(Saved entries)
- Opening Delimiter -
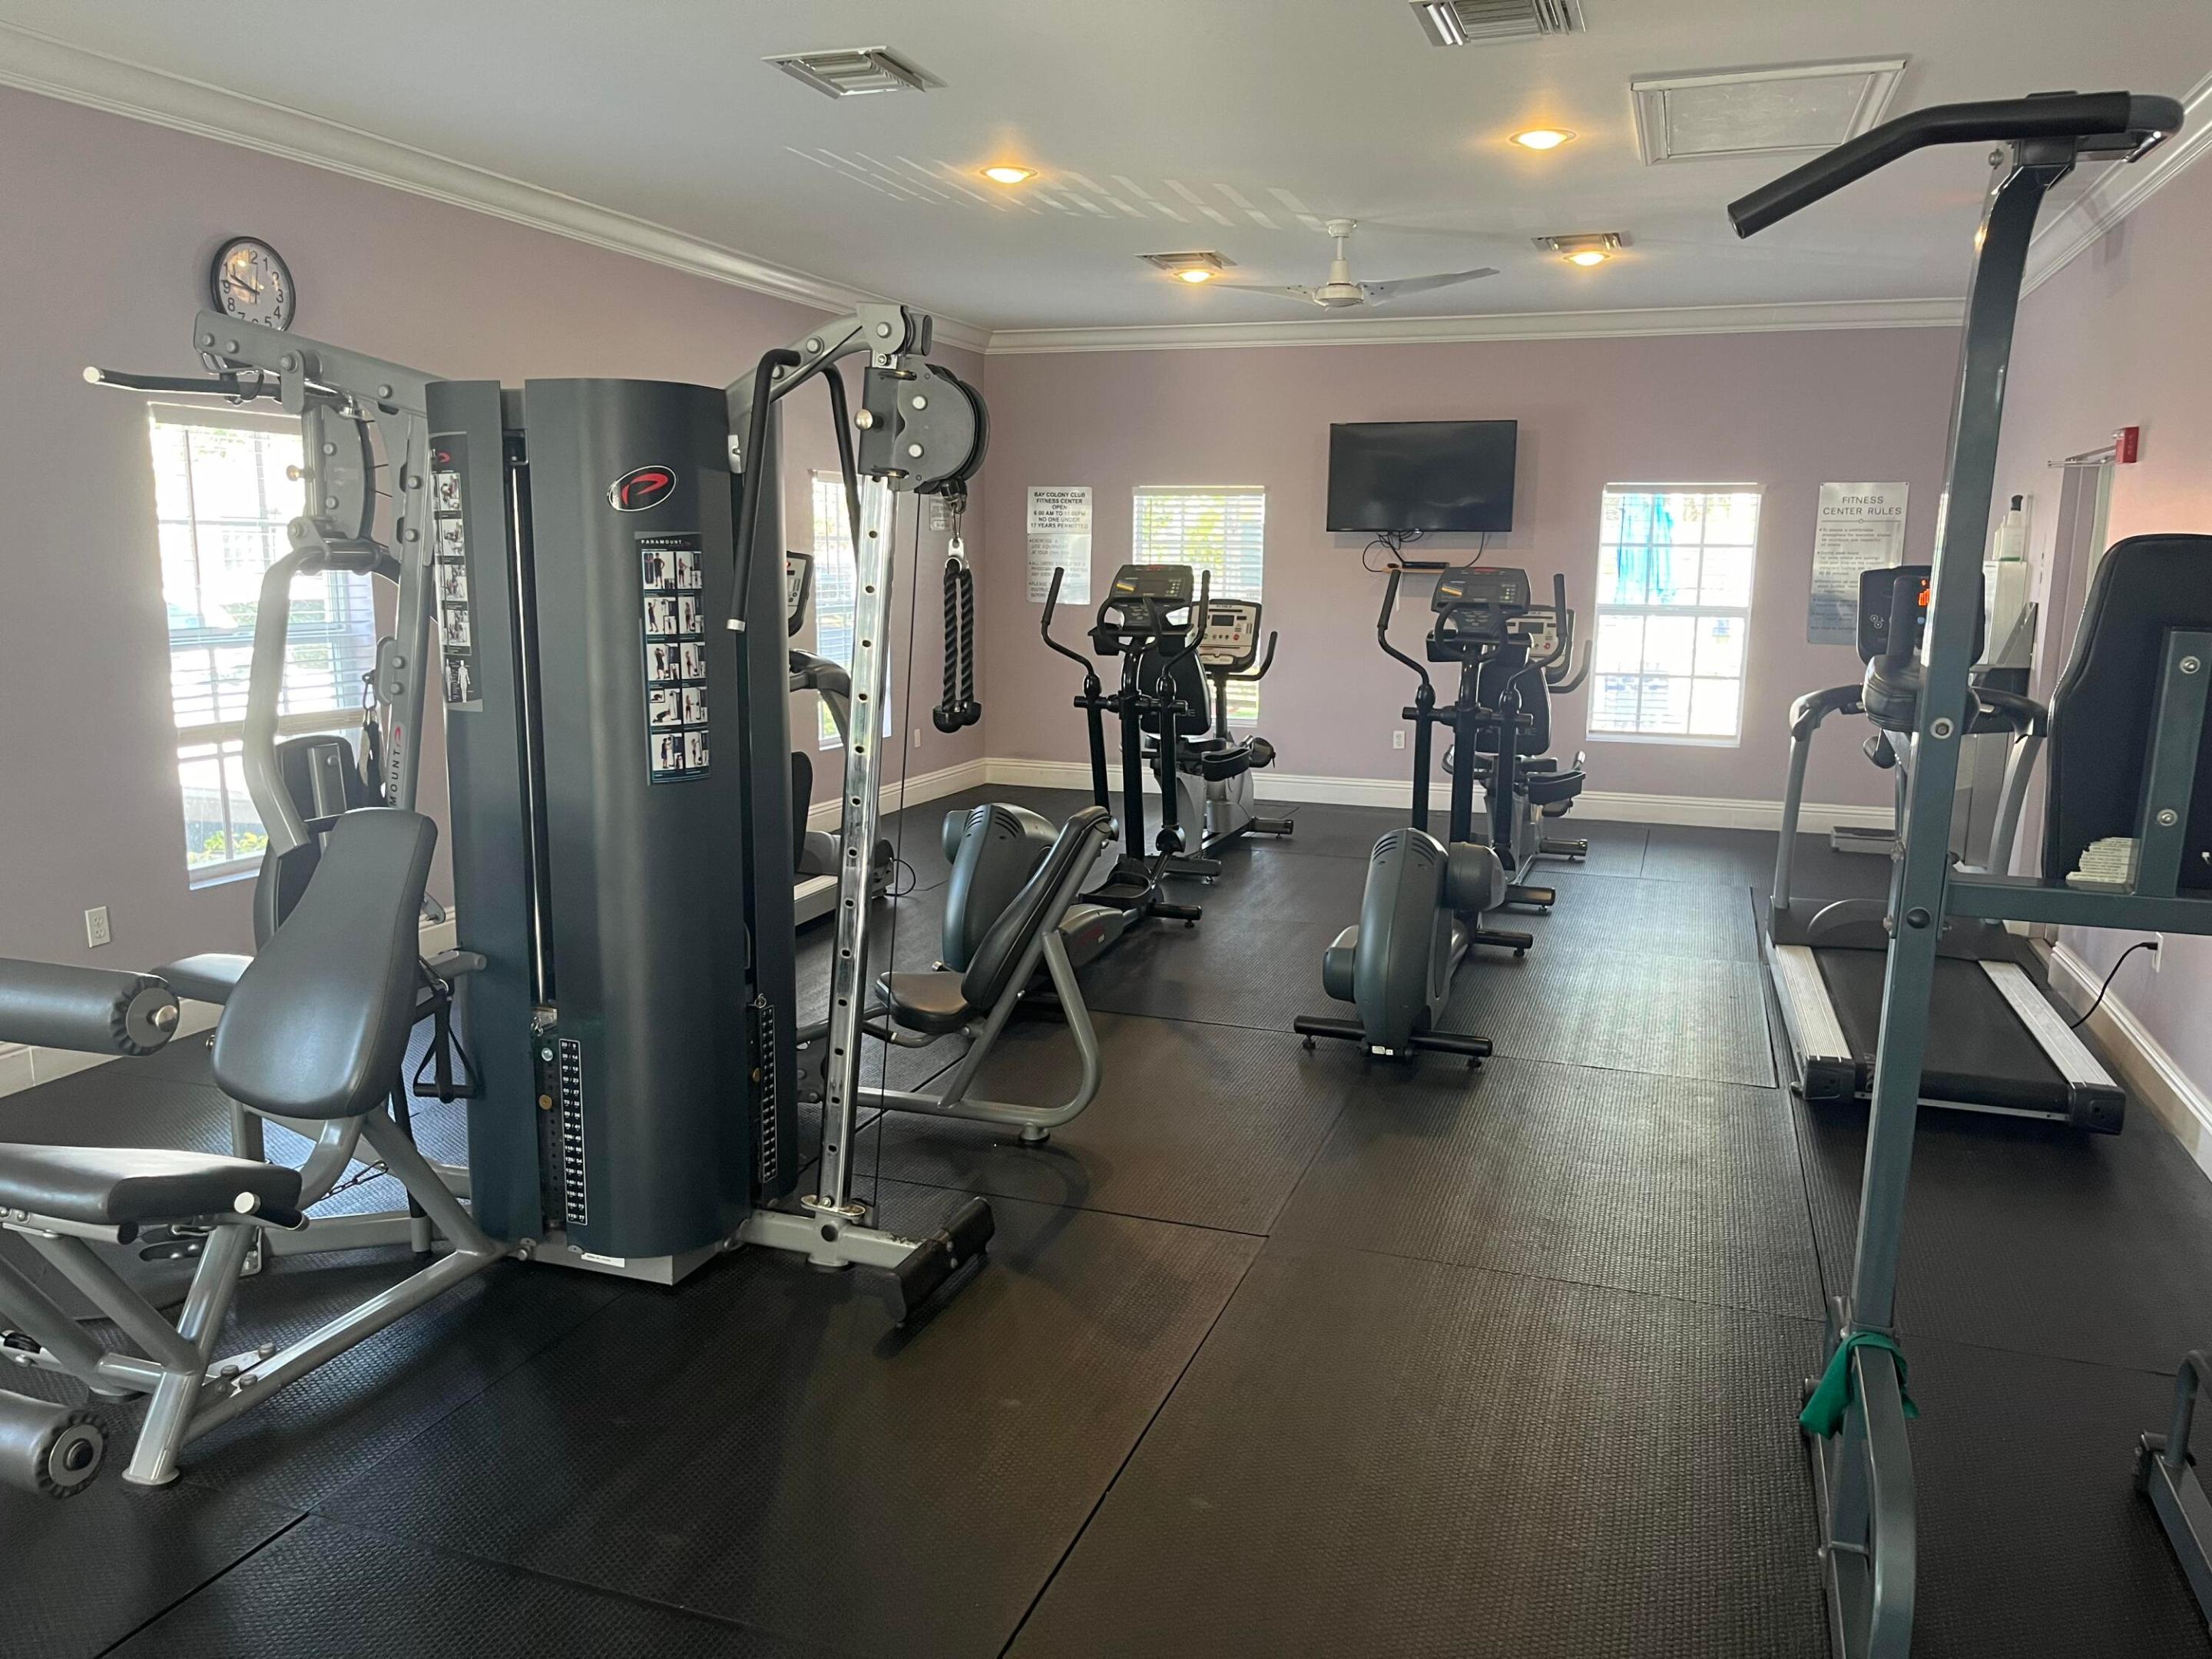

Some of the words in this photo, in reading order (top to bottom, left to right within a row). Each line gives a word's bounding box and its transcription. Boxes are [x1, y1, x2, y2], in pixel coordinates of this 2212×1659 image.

[276, 289, 284, 303] 3
[227, 297, 235, 312] 8
[273, 306, 281, 320] 4
[1823, 507, 1863, 515] CENTER
[1867, 507, 1902, 515] RULES
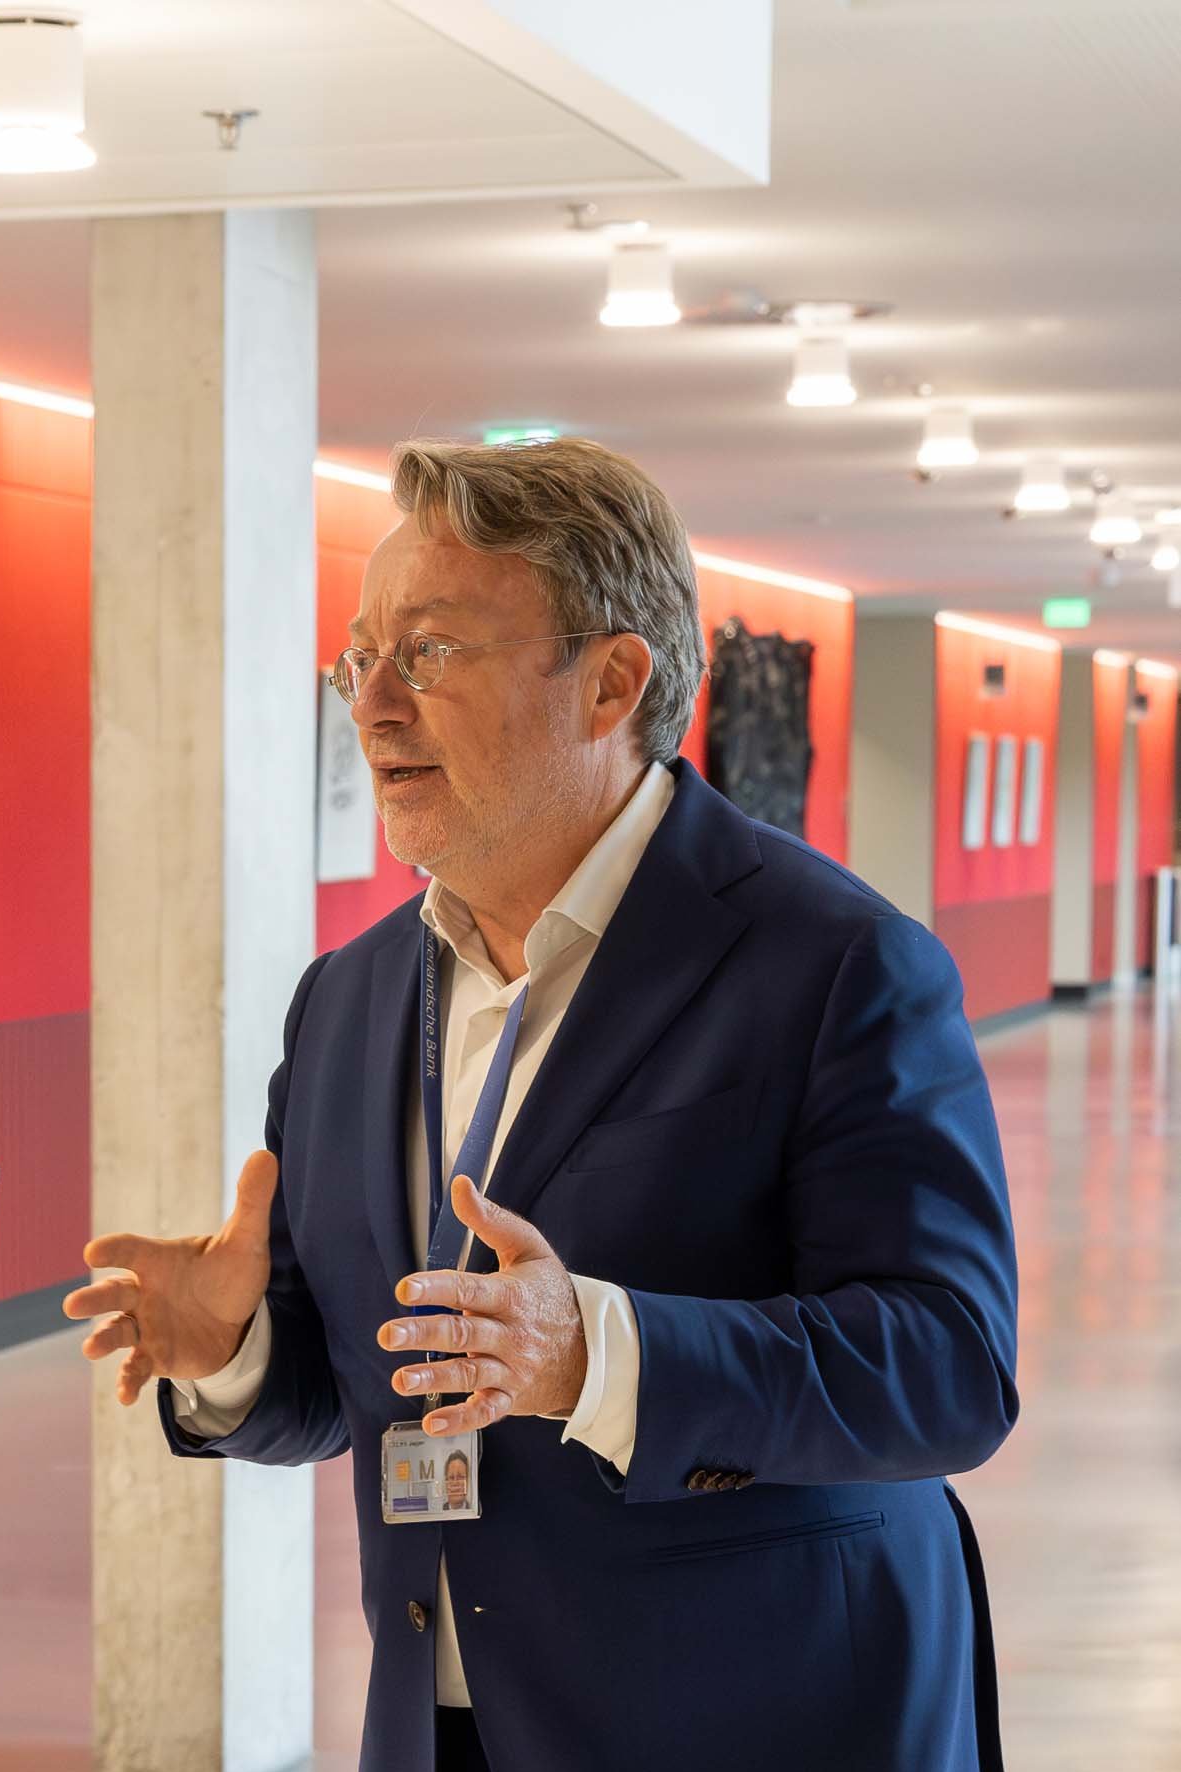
- Closing Delimiter -
→ About this task
Every entry above should be written out again verbatim, with no pictures included.

→ Solution for this exercise
Some of the words in this photo, in reading order (top to bottom, left to right within a row). Each line gives a word's bounding box and its transcription. Boxes are [x1, y1, x2, y2], in pixel coordinates of this 2212×1659 image.

[276, 289, 284, 303] 3
[227, 297, 235, 312] 8
[273, 306, 281, 320] 4
[1823, 507, 1863, 515] CENTER
[1867, 507, 1902, 515] RULES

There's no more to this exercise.